While I was watching the Super Bowl (hooray non-Steelers!) and watching Glee for the very first time (it’s like the Disney Channel’s High School Musical movies, only with less sincerity or realism), big news came down in the online realm.
Arianna Huffington and her investors announced they’re selling HuffingtonPost.com to AOL.
Ms. Huffington herself will stay on board, running both HuffPost and AOL’s existing content sites. These include Engadget, TechCrunch, Politics Daily, PopEater, Moviefone, MapQuest, Autoblog, FanHouse, StyleList, and Black Voices. (Taken as a whole, AOL’s current sites already employ more journalists and editors than any other online-only media concern.)
Since many tech-biz observers seem to believe that everything AOL touches turns to dross, there are worthy worries about the fate of everybody’s favorite liberal punditry and “celebrity skin” aggregation site.

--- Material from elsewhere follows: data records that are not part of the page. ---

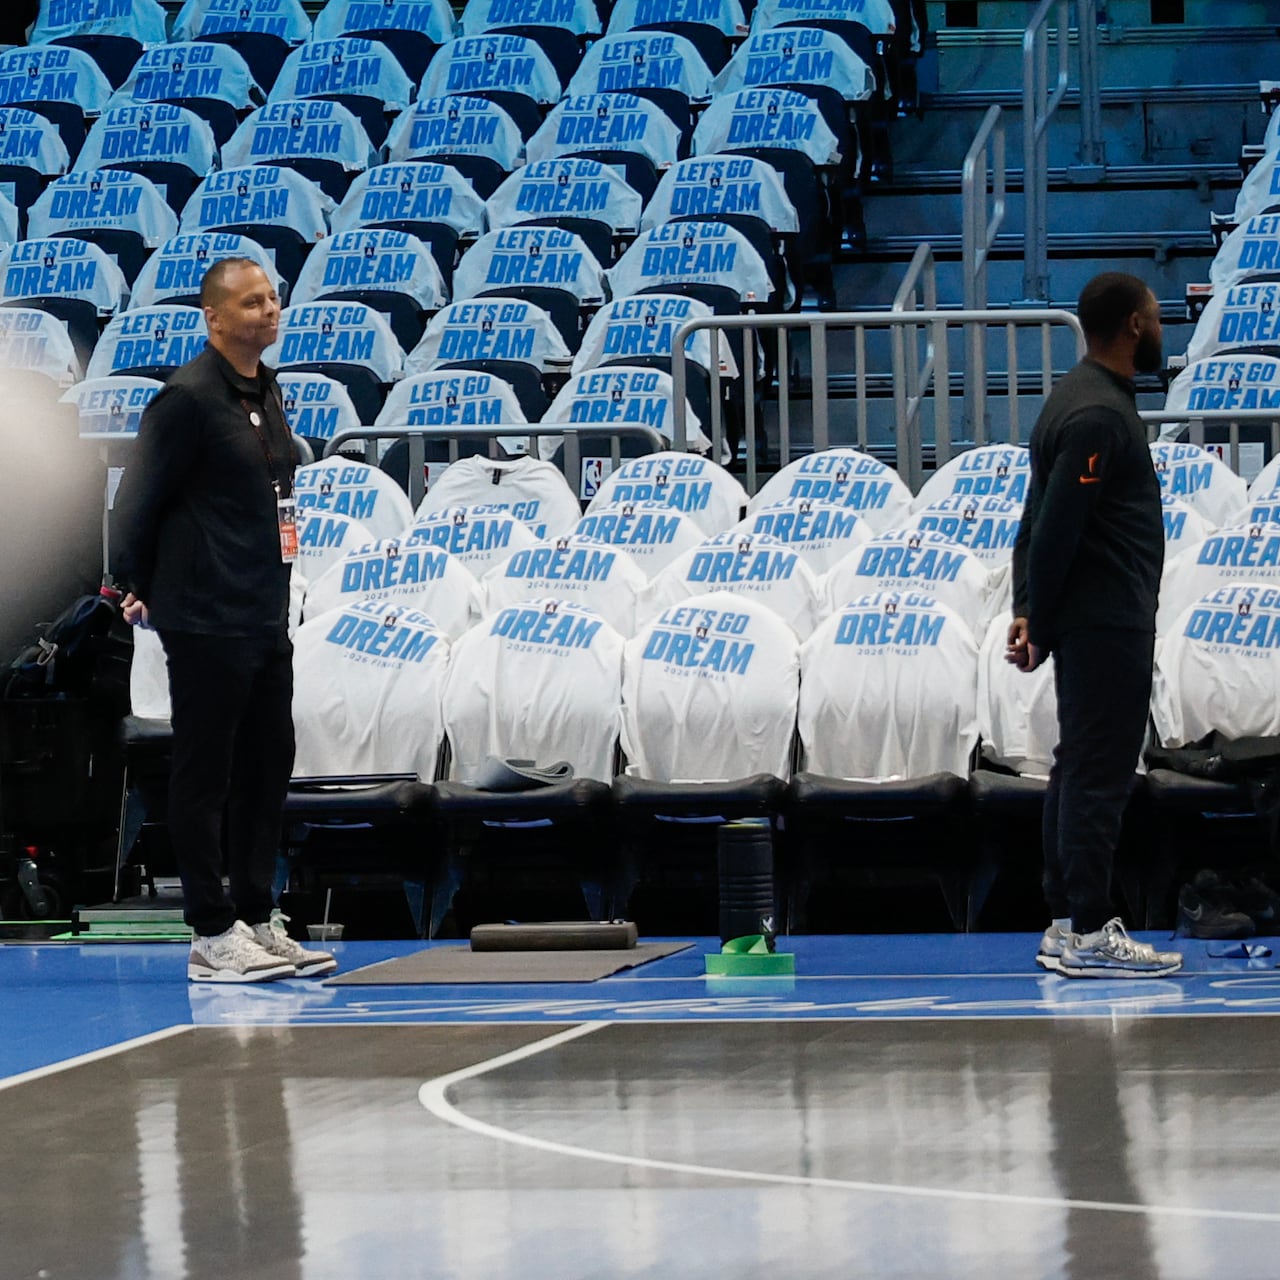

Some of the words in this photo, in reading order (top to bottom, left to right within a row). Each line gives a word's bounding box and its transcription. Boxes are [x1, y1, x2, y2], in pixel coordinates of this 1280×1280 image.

[453, 37, 498, 57] LET'S
[499, 36, 526, 54] GO
[750, 31, 795, 51] LET'S
[796, 28, 824, 48] GO
[43, 50, 69, 67] GO
[447, 57, 536, 90] DREAM
[745, 51, 834, 85] DREAM
[106, 105, 152, 126] LET'S
[155, 104, 181, 121] GO
[727, 113, 816, 143] DREAM
[102, 126, 190, 159] DREAM
[368, 166, 415, 186] LET'S
[418, 165, 441, 183] GO
[676, 163, 726, 182] LET'S
[728, 160, 753, 176] GO
[361, 188, 452, 219] DREAM
[670, 182, 762, 215] DREAM
[11, 240, 60, 262] LET'S
[61, 240, 88, 257] GO
[495, 229, 545, 249] LET'S
[547, 229, 574, 247] GO
[4, 262, 97, 297] DREAM
[486, 253, 582, 284] DREAM
[288, 306, 337, 327] LET'S
[340, 306, 367, 324] GO
[448, 304, 496, 324] LET'S
[499, 304, 528, 322] GO
[279, 330, 375, 363] DREAM
[438, 328, 535, 360] DREAM
[1193, 363, 1242, 382] LET'S
[1246, 363, 1275, 382] GO
[798, 455, 851, 474] LET'S
[856, 457, 887, 475] GO
[341, 549, 449, 593] DREAM
[505, 549, 617, 581] DREAM
[687, 552, 797, 582] DREAM
[856, 547, 967, 582] DREAM
[490, 609, 603, 649] DREAM
[658, 608, 715, 629] LET'S
[716, 614, 750, 634] GO
[834, 613, 946, 646] DREAM
[326, 615, 437, 663] DREAM
[642, 631, 755, 676] DREAM

Will AOL do for HuffPo what it did for (or rather, to) Time Warner?
Will HuffPo’s daring advocacy and insatiable curiosity for new trends become subsumed under AOL’s management driven policy (known within the company as “the AOL Way”), which determines what gets written about on its sites on a complex formula designed to drive productivity and search engine hits?
One thing’s for sure—the deal’s official price tag. It’s $315 million.
How much was Newsweek sold for? Apparently not a whole helluva lot.
How much was BusinessWeek sold for? Not a whole helluva lot more.